- PROBLEM: Return the data below unaltered, but strip out the pictures.

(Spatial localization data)
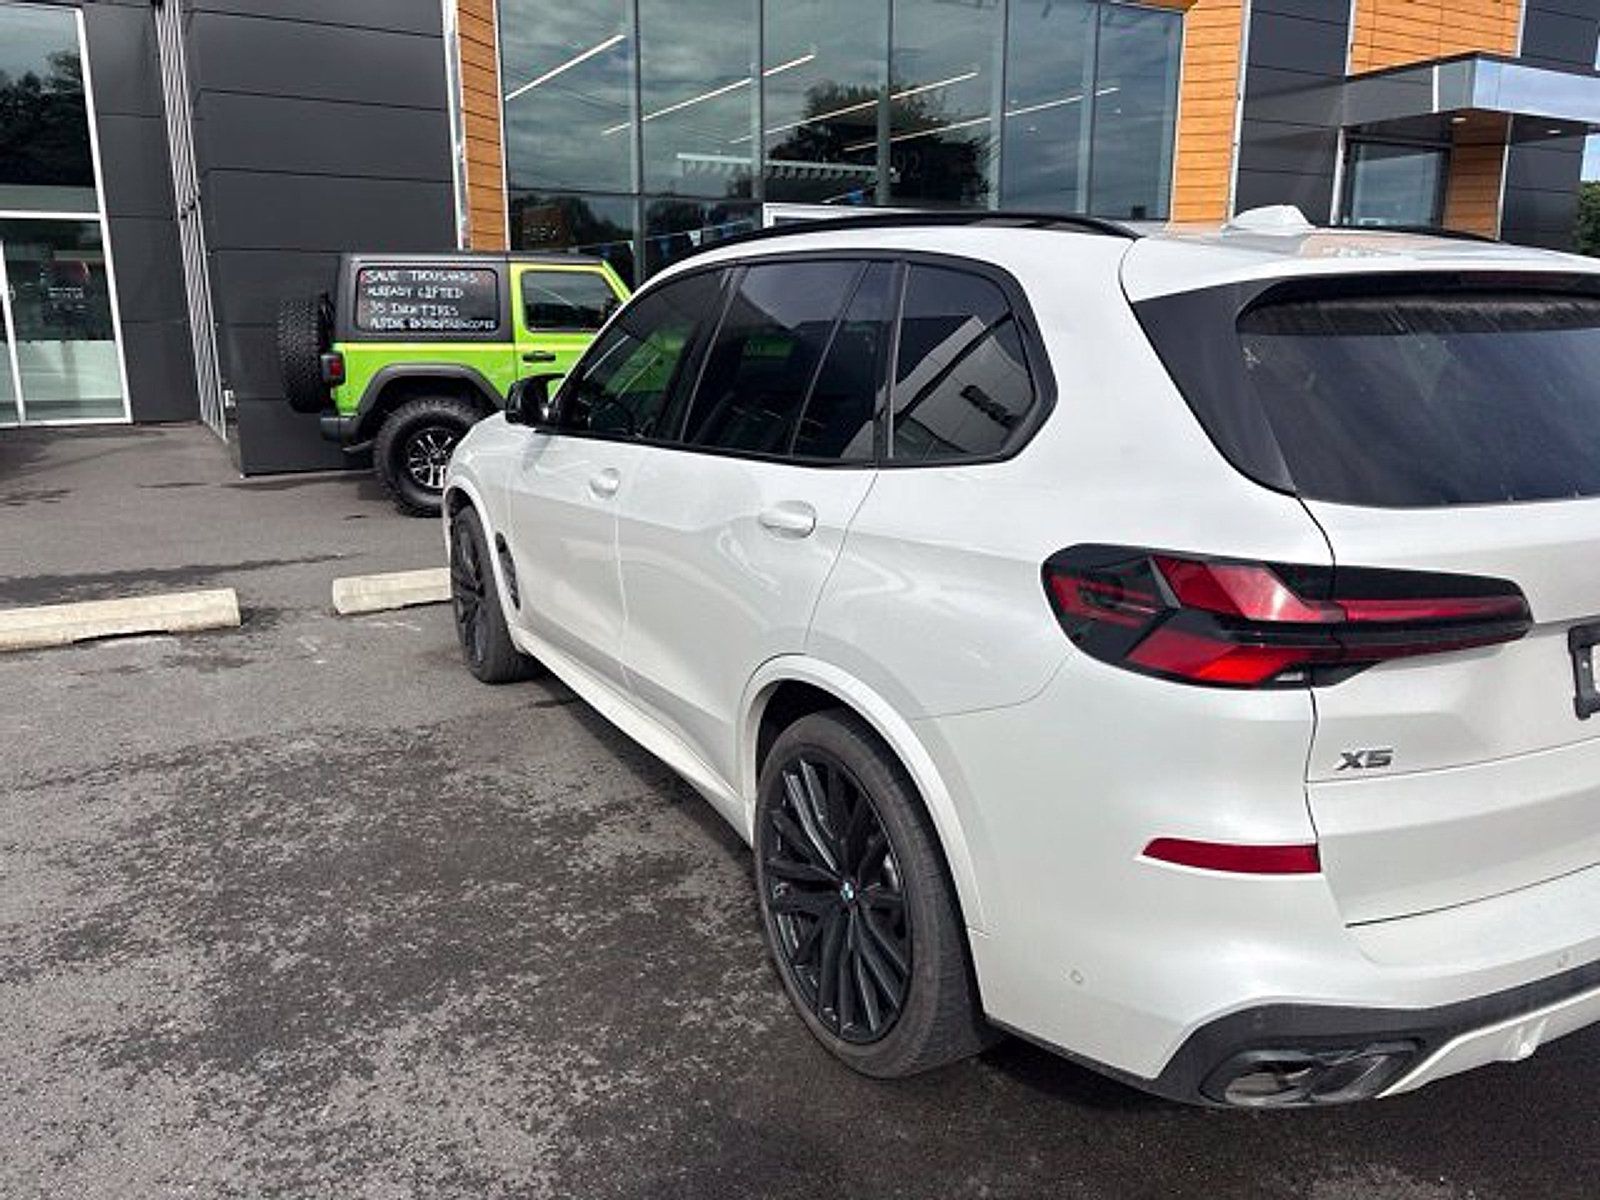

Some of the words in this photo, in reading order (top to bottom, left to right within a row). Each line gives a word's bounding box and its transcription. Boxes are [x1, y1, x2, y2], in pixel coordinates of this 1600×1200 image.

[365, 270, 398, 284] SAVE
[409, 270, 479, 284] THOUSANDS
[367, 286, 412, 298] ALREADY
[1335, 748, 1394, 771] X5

- OUTPUT BELOW:
Some of the words in this photo, in reading order (top to bottom, left to right within a row). Each line gives a word's bounding box and its transcription. Boxes are [x1, y1, x2, y2], in pixel coordinates of this 1600×1200 image.

[365, 270, 398, 284] SAVE
[409, 270, 479, 284] THOUSANDS
[367, 286, 412, 298] ALREADY
[1335, 748, 1394, 771] X5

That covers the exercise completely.